Exercise description: Your job with the data below is to output exactly the lines from the one holding "this 1344×1512 image." down to the one holding "this 1600×1220 image.", both included, and no others.

Data in this exercise:
==================================================

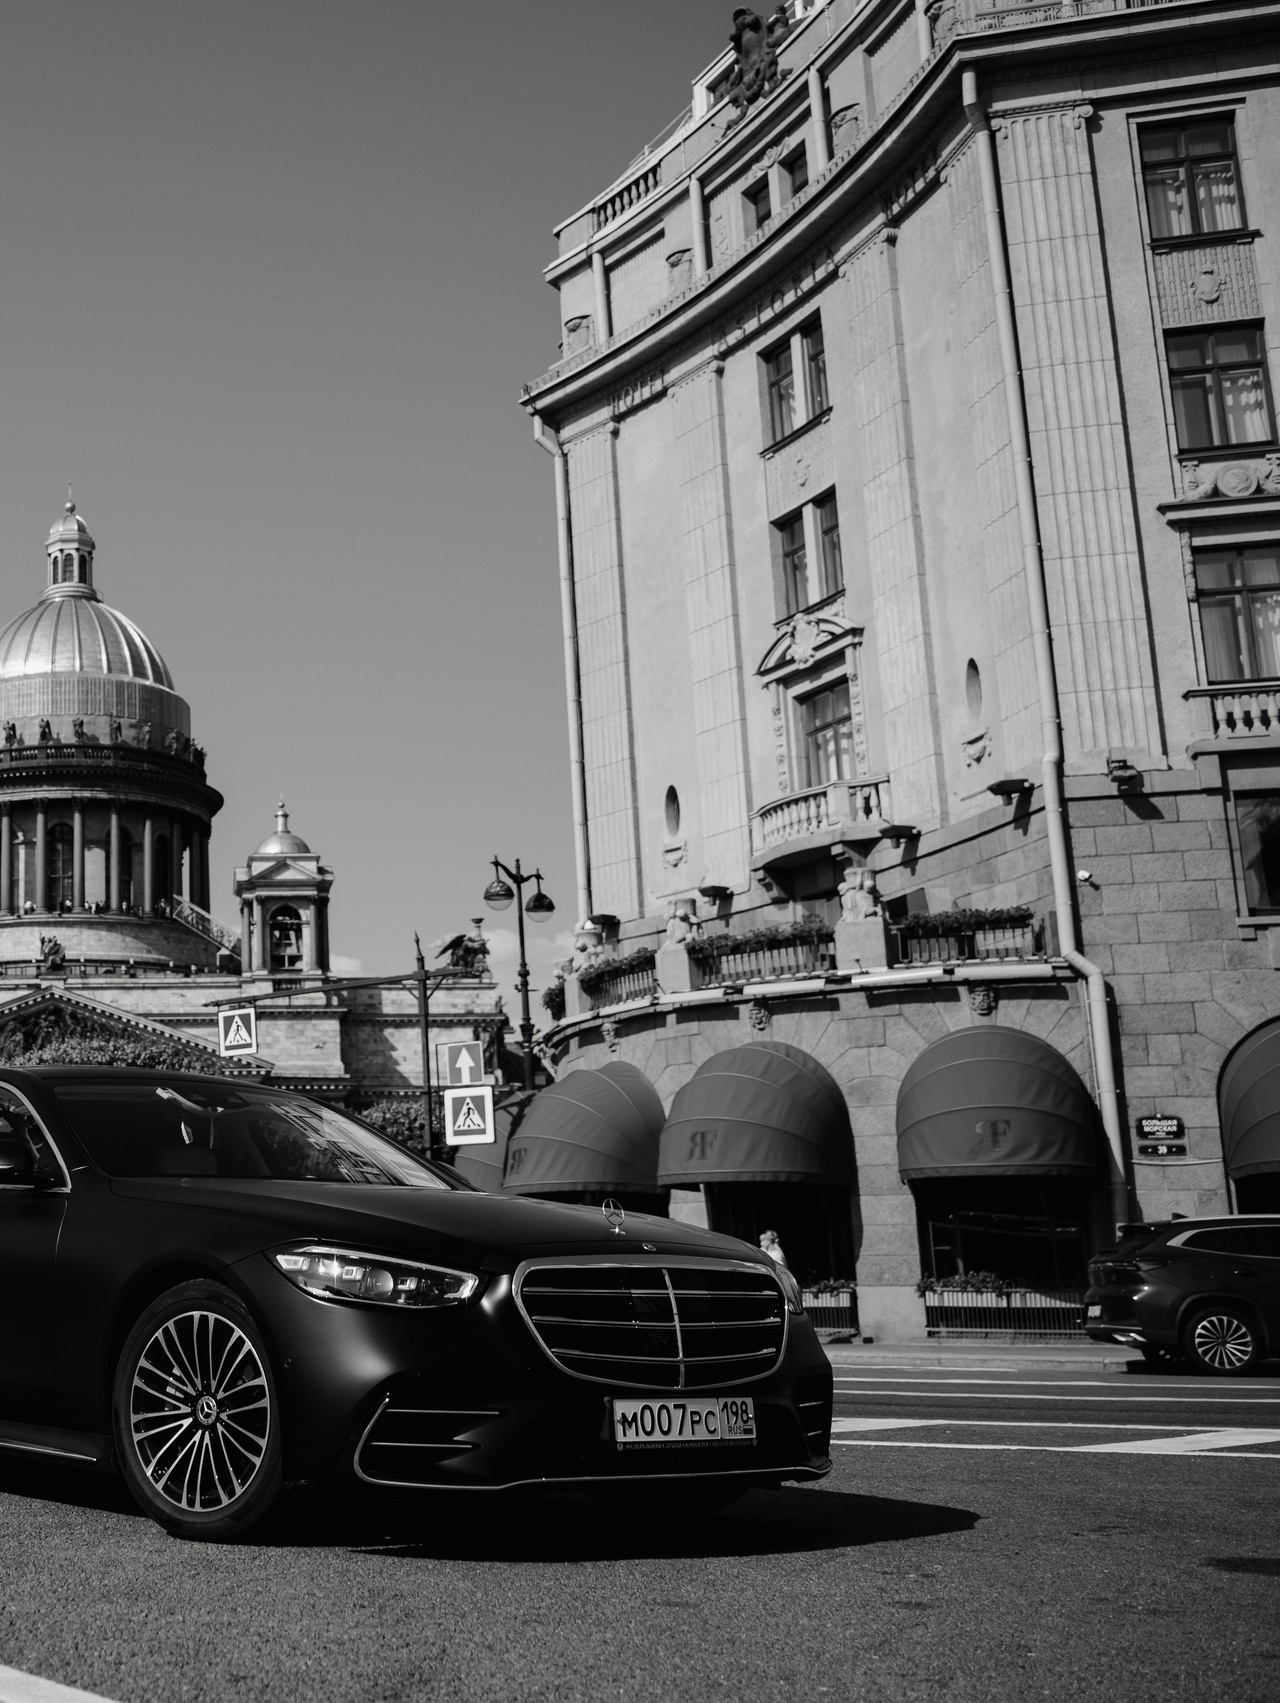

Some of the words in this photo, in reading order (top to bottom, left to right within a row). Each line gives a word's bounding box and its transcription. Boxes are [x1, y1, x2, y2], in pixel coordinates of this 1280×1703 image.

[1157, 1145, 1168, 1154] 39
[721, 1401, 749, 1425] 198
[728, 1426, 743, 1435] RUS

==================================================

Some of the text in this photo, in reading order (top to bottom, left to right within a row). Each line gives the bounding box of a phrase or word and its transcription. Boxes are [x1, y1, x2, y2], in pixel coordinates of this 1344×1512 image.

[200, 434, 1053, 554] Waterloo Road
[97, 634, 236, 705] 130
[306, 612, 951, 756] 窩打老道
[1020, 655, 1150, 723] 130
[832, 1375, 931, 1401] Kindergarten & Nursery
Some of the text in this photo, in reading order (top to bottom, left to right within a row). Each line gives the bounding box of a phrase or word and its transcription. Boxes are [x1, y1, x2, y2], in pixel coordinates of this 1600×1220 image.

==================================================

Task solution:
Some of the text in this photo, in reading order (top to bottom, left to right within a row). Each line gives the bounding box of a phrase or word and its transcription. Boxes are [x1, y1, x2, y2], in pixel coordinates of this 1344×1512 image.

[200, 434, 1053, 554] Waterloo Road
[97, 634, 236, 705] 130
[306, 612, 951, 756] 窩打老道
[1020, 655, 1150, 723] 130
[832, 1375, 931, 1401] Kindergarten & Nursery
Some of the text in this photo, in reading order (top to bottom, left to right within a row). Each line gives the bounding box of a phrase or word and its transcription. Boxes are [x1, y1, x2, y2], in pixel coordinates of this 1600×1220 image.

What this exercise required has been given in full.